• Requirement
Every line of the material must be copied exactly, from the first to the last.

• Provided information
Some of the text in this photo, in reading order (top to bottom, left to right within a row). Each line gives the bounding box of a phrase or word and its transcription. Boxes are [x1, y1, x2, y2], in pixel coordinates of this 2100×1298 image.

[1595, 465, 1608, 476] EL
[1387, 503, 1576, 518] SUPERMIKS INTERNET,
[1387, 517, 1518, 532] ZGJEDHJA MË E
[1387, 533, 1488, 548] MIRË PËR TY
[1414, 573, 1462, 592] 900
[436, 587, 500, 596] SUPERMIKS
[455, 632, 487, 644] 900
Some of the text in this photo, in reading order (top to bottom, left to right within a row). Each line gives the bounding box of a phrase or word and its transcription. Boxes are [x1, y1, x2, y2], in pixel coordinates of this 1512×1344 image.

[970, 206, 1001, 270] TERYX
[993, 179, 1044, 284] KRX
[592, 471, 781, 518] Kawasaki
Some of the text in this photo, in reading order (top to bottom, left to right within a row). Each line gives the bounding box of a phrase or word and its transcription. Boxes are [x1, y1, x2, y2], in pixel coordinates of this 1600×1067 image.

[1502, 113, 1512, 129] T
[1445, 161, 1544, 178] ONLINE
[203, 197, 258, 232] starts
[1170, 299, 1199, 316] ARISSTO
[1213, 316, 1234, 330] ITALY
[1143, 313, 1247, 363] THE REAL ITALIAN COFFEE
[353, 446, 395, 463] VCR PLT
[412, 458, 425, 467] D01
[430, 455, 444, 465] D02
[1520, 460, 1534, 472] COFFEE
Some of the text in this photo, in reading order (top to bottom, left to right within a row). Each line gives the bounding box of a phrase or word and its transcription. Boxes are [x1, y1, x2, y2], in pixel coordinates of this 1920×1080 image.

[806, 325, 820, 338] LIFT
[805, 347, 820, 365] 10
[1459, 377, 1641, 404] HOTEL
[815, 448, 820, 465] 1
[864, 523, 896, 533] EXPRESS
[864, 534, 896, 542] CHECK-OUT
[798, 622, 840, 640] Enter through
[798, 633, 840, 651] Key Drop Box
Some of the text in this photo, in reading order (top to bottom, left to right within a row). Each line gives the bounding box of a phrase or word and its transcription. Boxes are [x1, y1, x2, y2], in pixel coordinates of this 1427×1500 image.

• Written reply
Some of the text in this photo, in reading order (top to bottom, left to right within a row). Each line gives the bounding box of a phrase or word and its transcription. Boxes are [x1, y1, x2, y2], in pixel coordinates of this 2100×1298 image.

[1595, 465, 1608, 476] EL
[1387, 503, 1576, 518] SUPERMIKS INTERNET,
[1387, 517, 1518, 532] ZGJEDHJA MË E
[1387, 533, 1488, 548] MIRË PËR TY
[1414, 573, 1462, 592] 900
[436, 587, 500, 596] SUPERMIKS
[455, 632, 487, 644] 900
Some of the text in this photo, in reading order (top to bottom, left to right within a row). Each line gives the bounding box of a phrase or word and its transcription. Boxes are [x1, y1, x2, y2], in pixel coordinates of this 1512×1344 image.

[970, 206, 1001, 270] TERYX
[993, 179, 1044, 284] KRX
[592, 471, 781, 518] Kawasaki
Some of the text in this photo, in reading order (top to bottom, left to right within a row). Each line gives the bounding box of a phrase or word and its transcription. Boxes are [x1, y1, x2, y2], in pixel coordinates of this 1600×1067 image.

[1502, 113, 1512, 129] T
[1445, 161, 1544, 178] ONLINE
[203, 197, 258, 232] starts
[1170, 299, 1199, 316] ARISSTO
[1213, 316, 1234, 330] ITALY
[1143, 313, 1247, 363] THE REAL ITALIAN COFFEE
[353, 446, 395, 463] VCR PLT
[412, 458, 425, 467] D01
[430, 455, 444, 465] D02
[1520, 460, 1534, 472] COFFEE
Some of the text in this photo, in reading order (top to bottom, left to right within a row). Each line gives the bounding box of a phrase or word and its transcription. Boxes are [x1, y1, x2, y2], in pixel coordinates of this 1920×1080 image.

[806, 325, 820, 338] LIFT
[805, 347, 820, 365] 10
[1459, 377, 1641, 404] HOTEL
[815, 448, 820, 465] 1
[864, 523, 896, 533] EXPRESS
[864, 534, 896, 542] CHECK-OUT
[798, 622, 840, 640] Enter through
[798, 633, 840, 651] Key Drop Box
Some of the text in this photo, in reading order (top to bottom, left to right within a row). Each line gives the bounding box of a phrase or word and its transcription. Boxes are [x1, y1, x2, y2], in pixel coordinates of this 1427×1500 image.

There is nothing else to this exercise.